Effects of GLQ223 on HIV replication in human monocyte/macrophages chronically infected in vitro with HIV

Abstract

GLQ223 is a formulated version of tricosanthin, a single-chain ribosome-inactivating protein that was shown in earlier studies to inhibit human immunodeficiency virus (HIV) replication in T-lymphoblastoid cells and to decrease HIV p24 levels in HIV-infected monocyte-derived macrophages as measured by flow cytometry. The current studies were performed to test the selectivity of the observed inhibitory effects on HIV replication in chronically infected macrophages infected in vitro. Peripheral blood-derived monocyte/macrophages were infected in vitro and cultivated in suspension for at least two weeks prior to GLQ223 treatment.
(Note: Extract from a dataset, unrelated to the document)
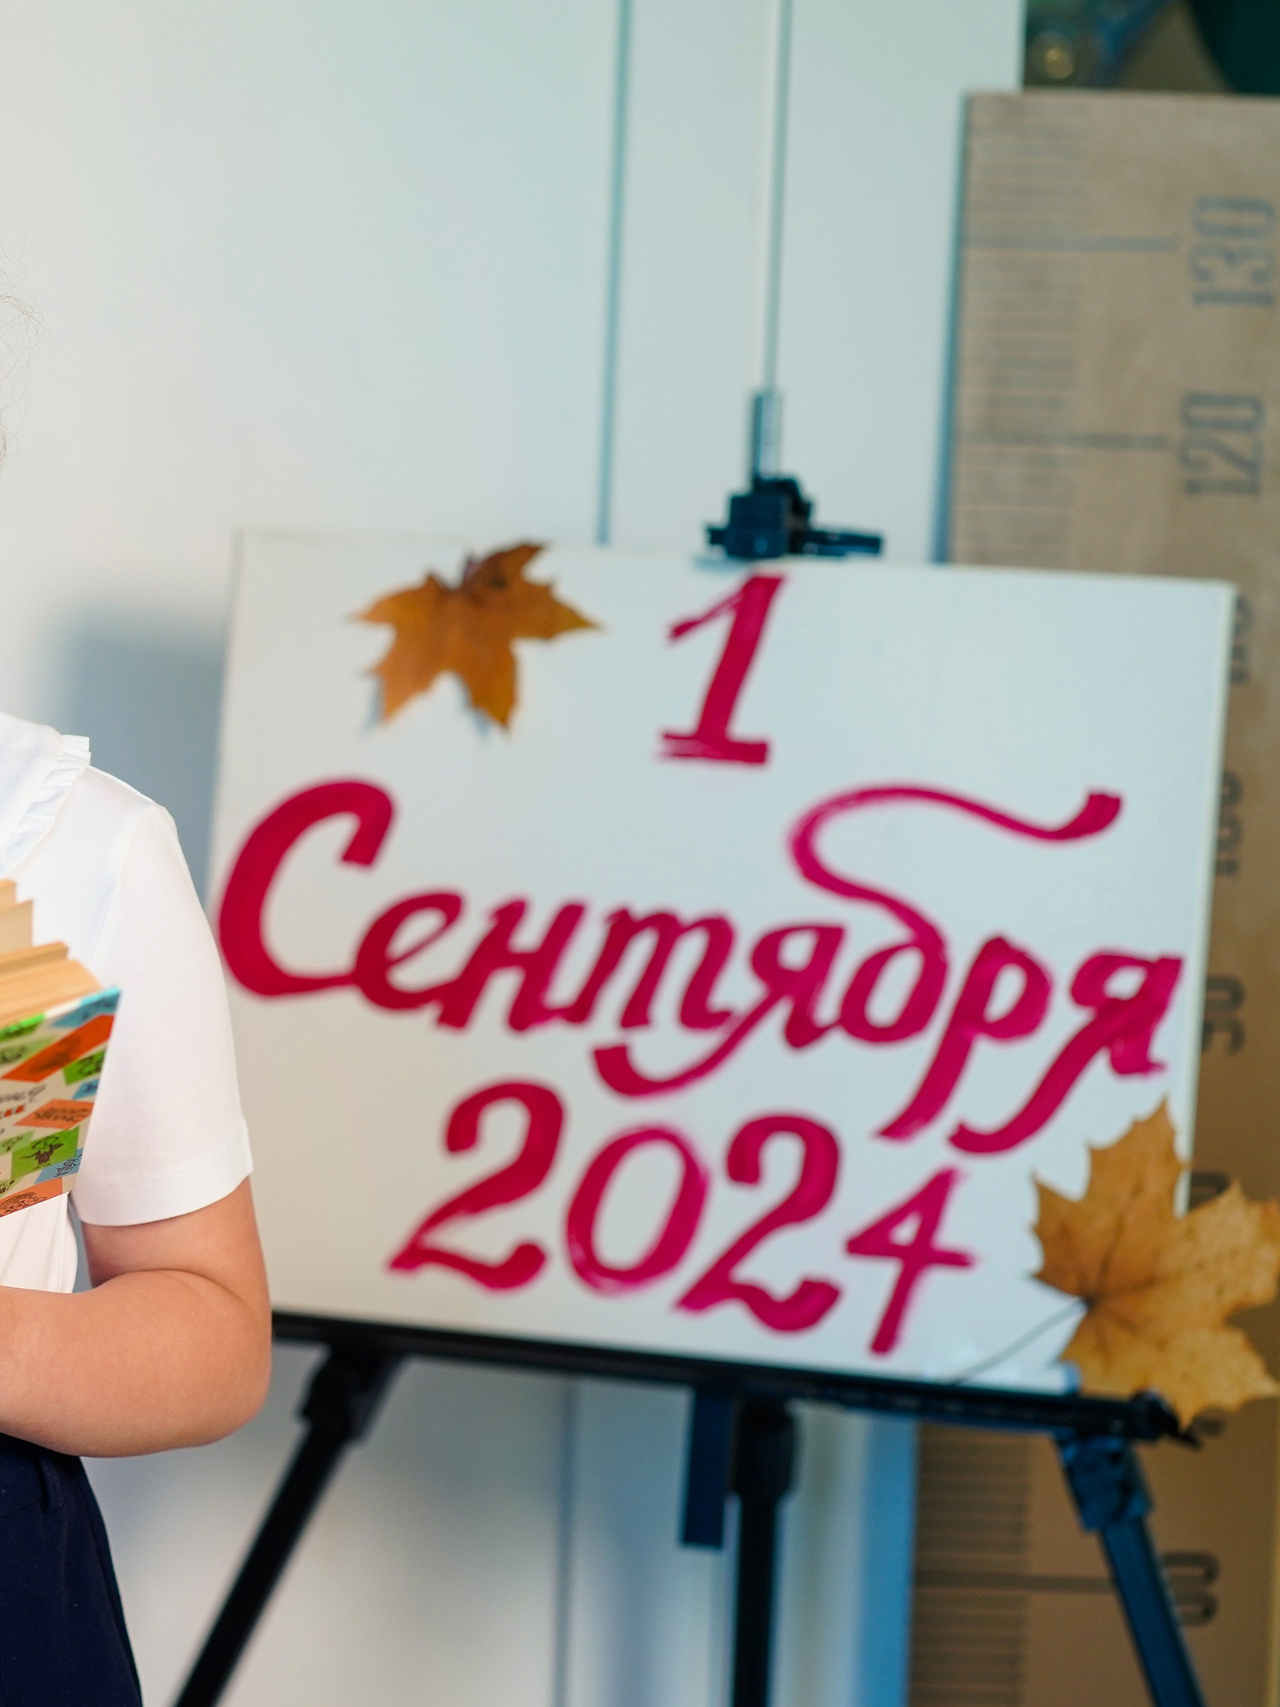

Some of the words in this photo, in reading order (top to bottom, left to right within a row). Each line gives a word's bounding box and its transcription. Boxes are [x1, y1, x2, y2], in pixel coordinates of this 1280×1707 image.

Anti-HIV effects were quantitated by measurement of cytoplasmic HIV p24, by both enzyme-linked immunosorbent assay (ELISA) and flow cytometry and HIV RNA levels were measured by slot blot analysis. Incorporation of [3H]leucine into trichloroacetic acid- (TCA) precipitable protein was also evaluated as an index of nonspecific inhibitory effects mediated by the compound in infected and uninfected cultures. Five days after a single 3-h treatment with GLQ223 there was a concentration-dependent decrease in all measurable HIV parameters within infected cultures. The anti-HIV effects persisted at least 28 days without evidence for increasing HIV expression. GLQ223 treatment of parallel uninfected macrophage cultures showed no significant inhibition of tritiated leucine uptake. These experiments demonstrate that a single pulsed exposure with GLQ223 of macrophages infected with HIV in vitro caused a sustained, concentration-dependent decrease in both HIV p24 antigen levels as well as HIV RNA without causing measurable toxicity in uninfected cultures.